[Text-to-region grounding data]
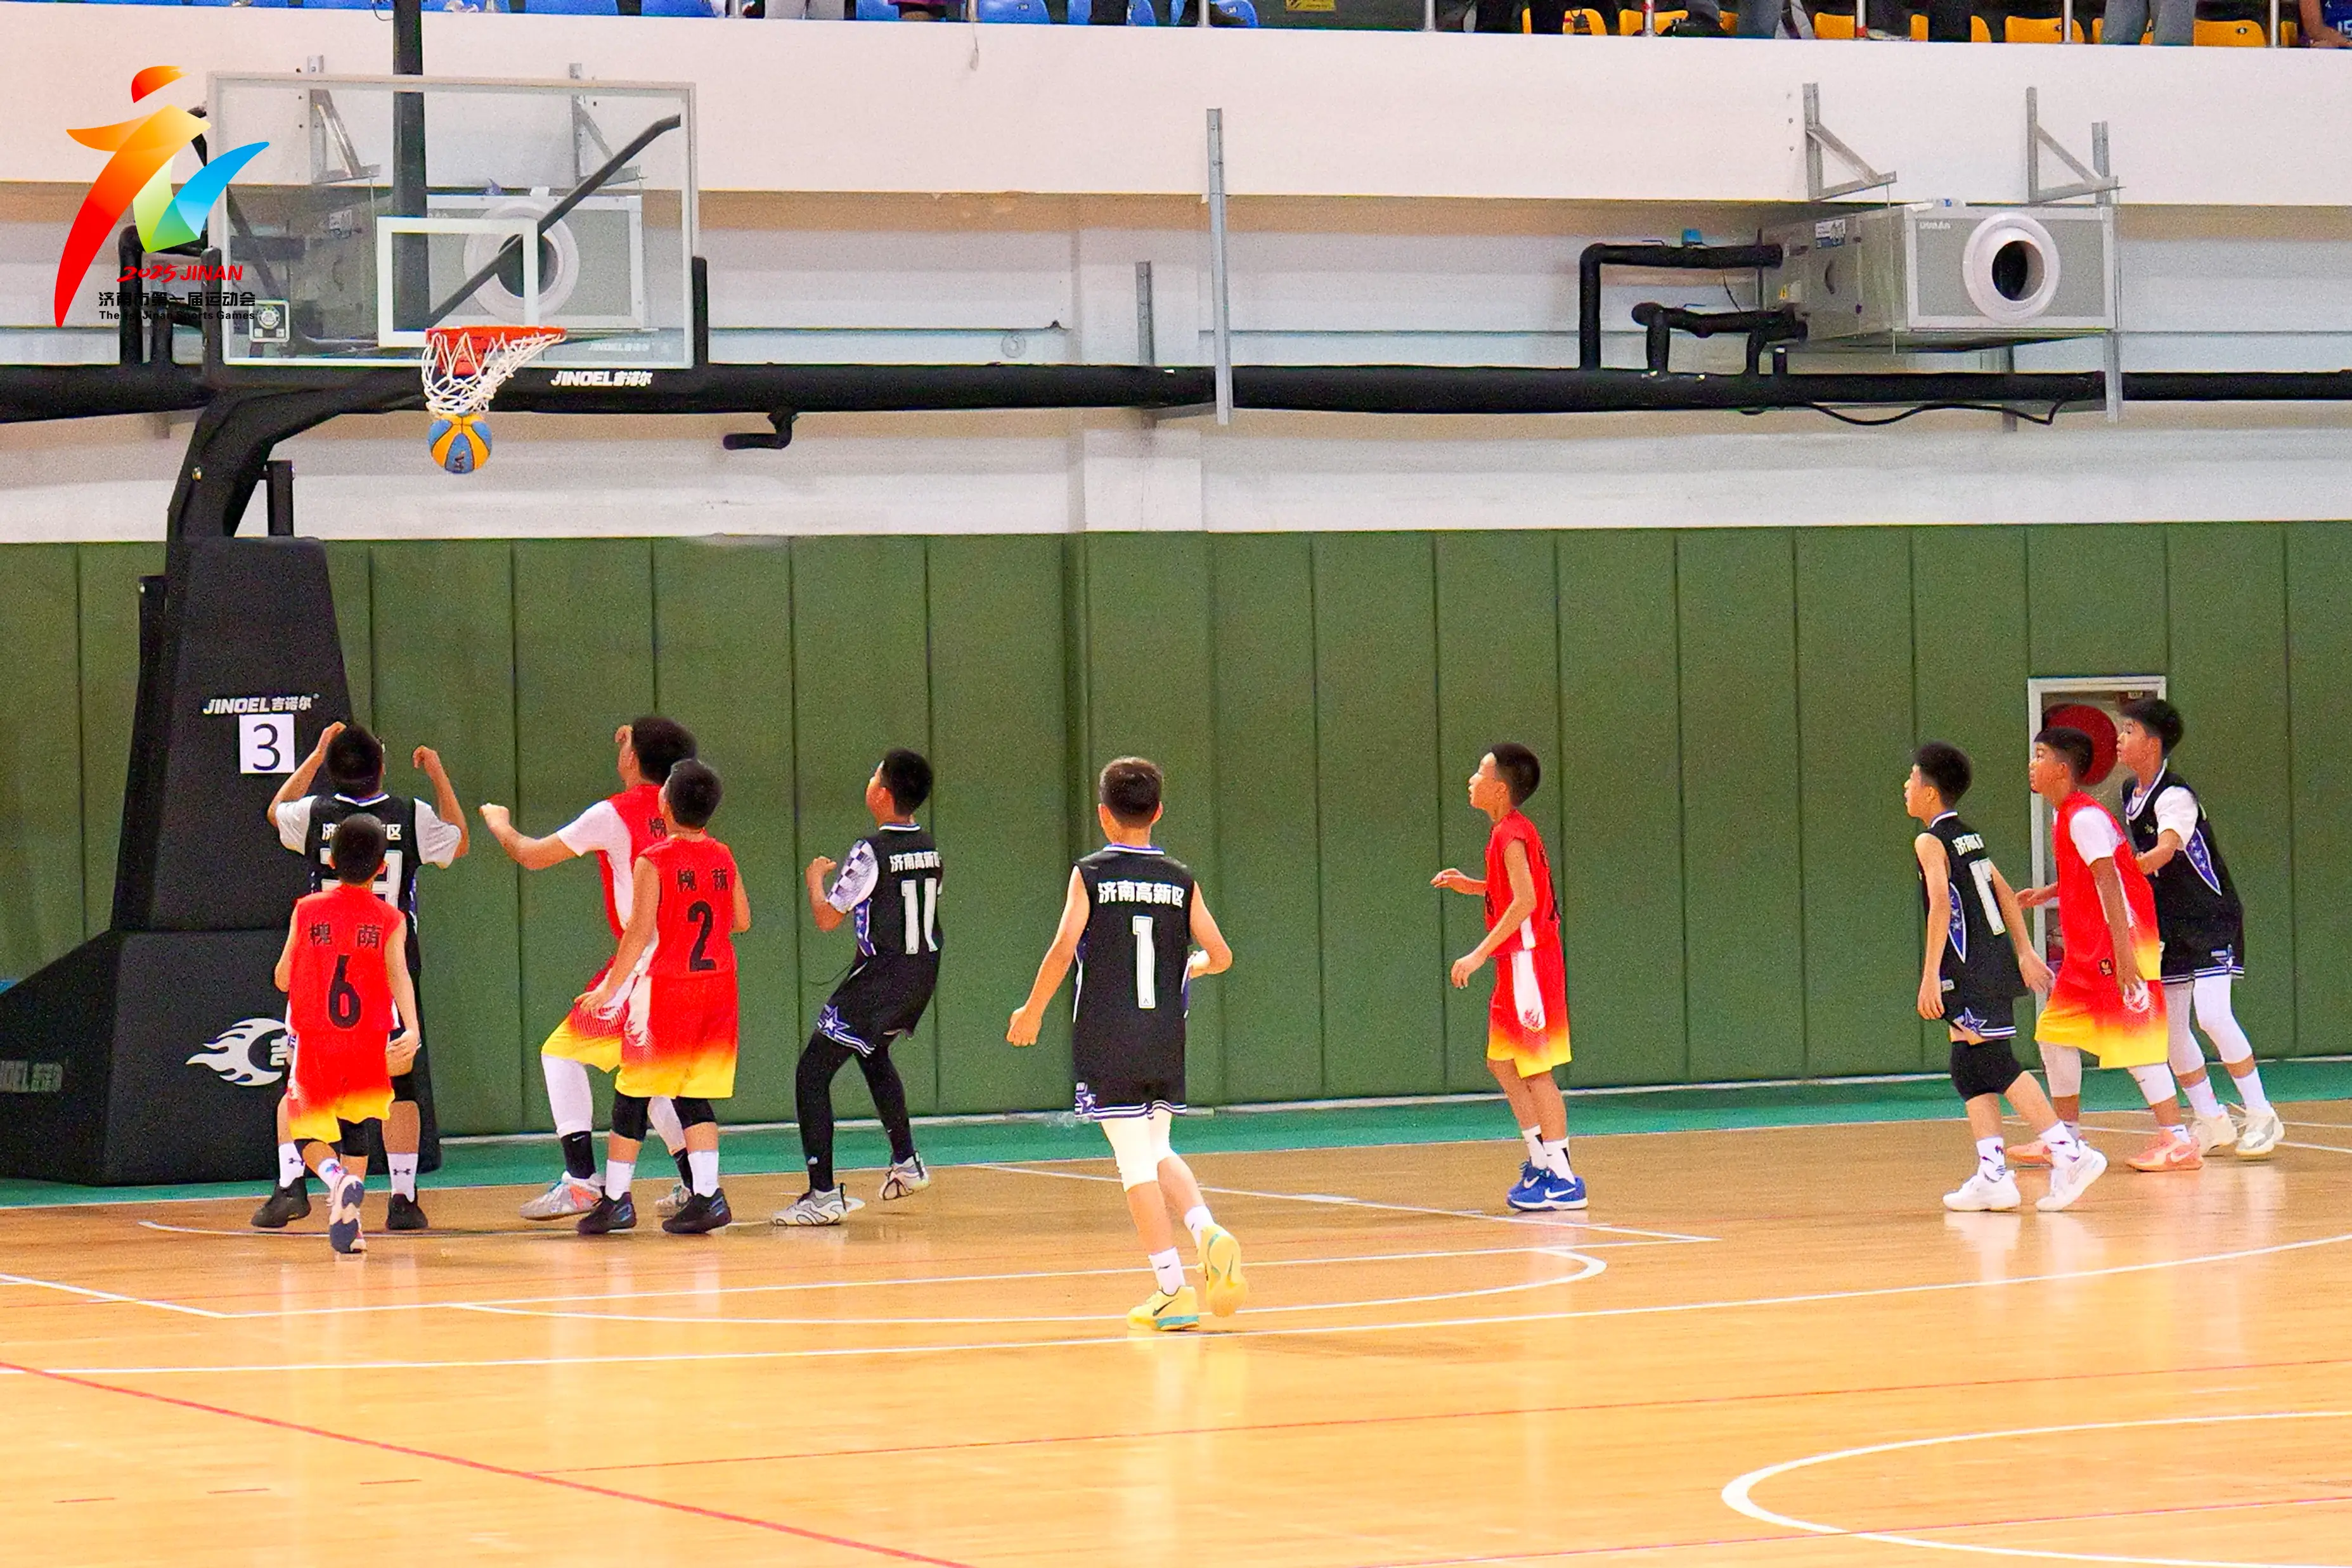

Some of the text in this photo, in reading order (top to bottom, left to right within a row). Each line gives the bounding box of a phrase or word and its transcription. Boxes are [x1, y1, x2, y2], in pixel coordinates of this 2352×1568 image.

[550, 371, 613, 387] JINOEL
[203, 697, 269, 715] JINOEL
[253, 723, 281, 771] 3
[1097, 880, 1185, 909] 济南高新区
[688, 900, 717, 973] 2
[1132, 915, 1156, 1009] 1
[328, 954, 361, 1029] 6

**Problem statement:**
What is needed is every entry above, repeated exactly, with the pictures dropped.

**Solution to this exercise:**
Some of the text in this photo, in reading order (top to bottom, left to right within a row). Each line gives the bounding box of a phrase or word and its transcription. Boxes are [x1, y1, x2, y2], in pixel coordinates of this 2352×1568 image.

[550, 371, 613, 387] JINOEL
[203, 697, 269, 715] JINOEL
[253, 723, 281, 771] 3
[1097, 880, 1185, 909] 济南高新区
[688, 900, 717, 973] 2
[1132, 915, 1156, 1009] 1
[328, 954, 361, 1029] 6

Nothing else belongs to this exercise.